Между тем жирняй обратился именно к нему:
— Ваше замечание, пожалуй, резонно. Но может, безумный монархист именно отсюда решил начать своё уничтожение ненавистных скульптур?
— Зачем же он только ноги по колено отбил? — не унимался Самоваров. — Почему по голове не стукнул? И потом, посмотрите, здесь Лениных сколько: и фигурки, и бюстики, и поясные скульптуры. Гипсовых полно. Что он на эти ботинки ополчился? Если он ненавидит ботинки Ленина, почему именно эти? Вот там рядом Ильич преспокойно стоит в ботинках.
Жирняй вздохнул:
— Логику умалишённых понять сложно. Тут о другом надо думать — подлежит ли скульптура восстановлению?
— Однозначно нет, — отрезал Оленьков. — Да и художественной ценности она не представляет.
— Позвольте с вами не согласиться. Это яркий образец зауральского кубизма, — возразила Ольга. — К тому же утрату каждого экспоната из нашей коллекции надо, оформлять в министерстве.

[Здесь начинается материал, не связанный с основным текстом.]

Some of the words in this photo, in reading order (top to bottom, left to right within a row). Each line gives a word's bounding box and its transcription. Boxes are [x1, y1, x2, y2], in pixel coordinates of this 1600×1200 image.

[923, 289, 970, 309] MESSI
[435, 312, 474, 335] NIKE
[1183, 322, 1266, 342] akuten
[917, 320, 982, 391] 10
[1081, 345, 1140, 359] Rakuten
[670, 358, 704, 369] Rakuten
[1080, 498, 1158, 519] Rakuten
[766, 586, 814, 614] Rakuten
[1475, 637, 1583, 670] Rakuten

— Ну уж вы хватили! — изумился Оленьков. — А впрочем… Если вам так хочется, вот вам народный умелец Самоваров, городите Ильичу новые ботинки, я препятствовать не буду. Но не сейчас! Сейчас все силы мы должны бросить на французскую выставку! Как там у вас с Фаберже? Вы знаете, на Западе имя Фаберже производит магическое впечатление…

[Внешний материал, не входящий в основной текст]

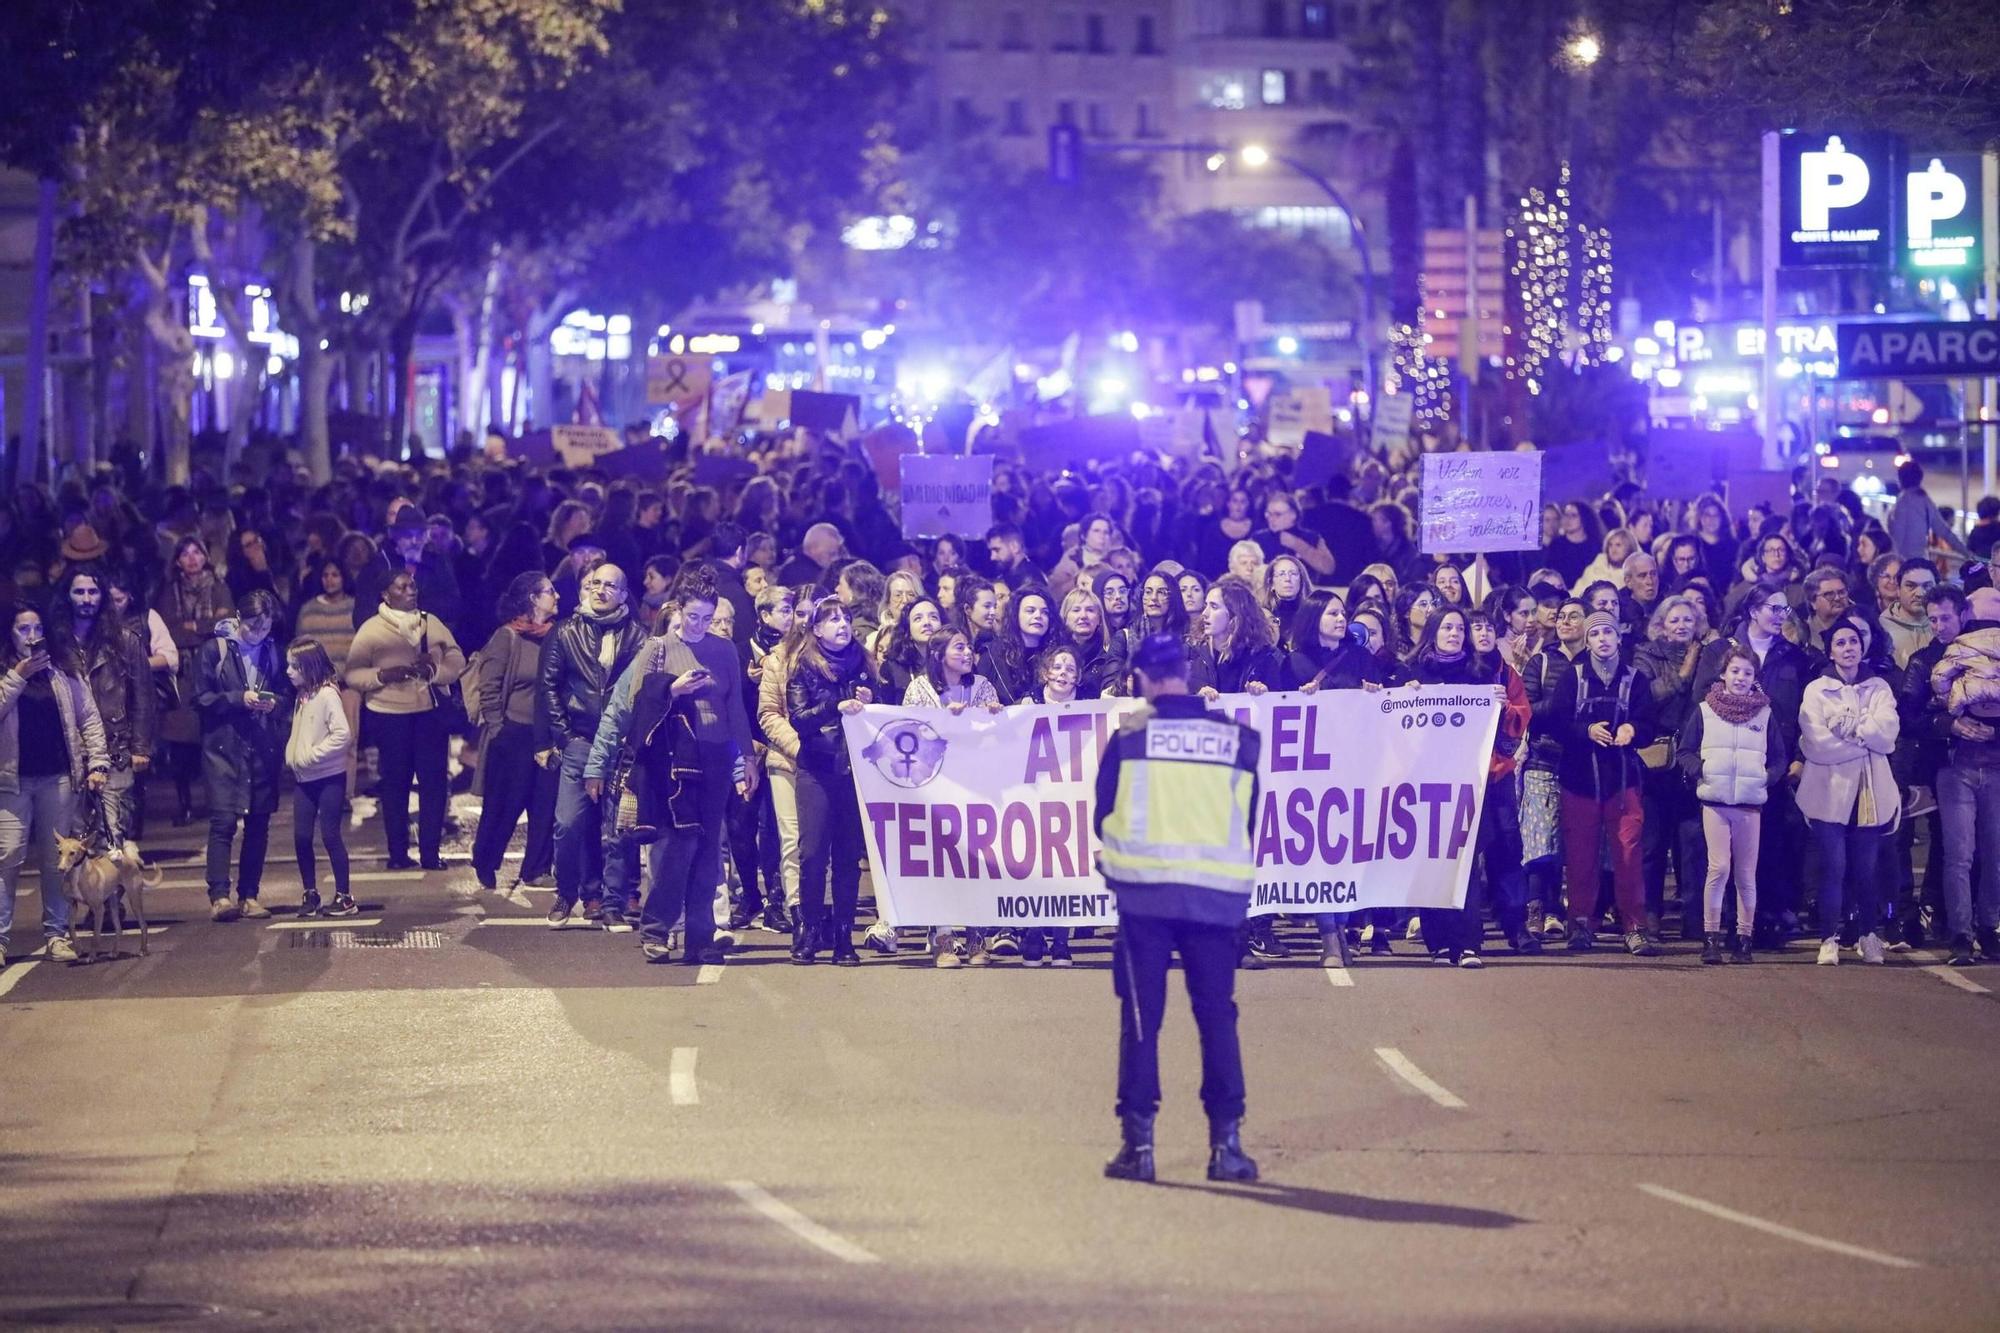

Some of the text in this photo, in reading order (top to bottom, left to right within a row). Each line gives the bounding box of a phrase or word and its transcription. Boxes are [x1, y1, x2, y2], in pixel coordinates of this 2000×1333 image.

[1851, 328, 2000, 366] APARC
[1381, 694, 1491, 714] @movfemmallorca
[1151, 733, 1232, 758] POLICIA
[1271, 705, 1331, 773] EL
[866, 782, 1476, 880] TERRORI ASCLISTA
[997, 880, 1359, 919] MOVIMENT MALLORCA

Оленьков пустился в приятные разговоры о Фаберже и Западе и потихоньку стал выводить из злополучного подвала любопытных. Он почти уже успокоился, как вдруг на выходе из ущелья Монте-Кристо перед ним замаячили посторонние фигуры с чемоданчиками и микрофонами, и какой-то гнусный мальчишка с впалыми щеками в коробом сидящем на нём взрослом и дорогом костюме взвизгнул под самым директорским ухом:
— Скажите, Борис Владиленович, каким образом обнаружили в музее акт вандализма?
Сладко зашумела видеокамера.
— Кто настучал? — заорал директор, свирепо озираясь. Веры Герасимовны среди поднявшихся из подвала не было. — Чёртова карга!!! У-у-у!!!
Не моргнув и глазом, молодой человек с микрофоном быстро и оживлённо продолжил:
— Есть ли политическая подоплёка у этого сенсационного события? Какие силы прежде всего заинтересованы в случившемся, Владилен Виленович?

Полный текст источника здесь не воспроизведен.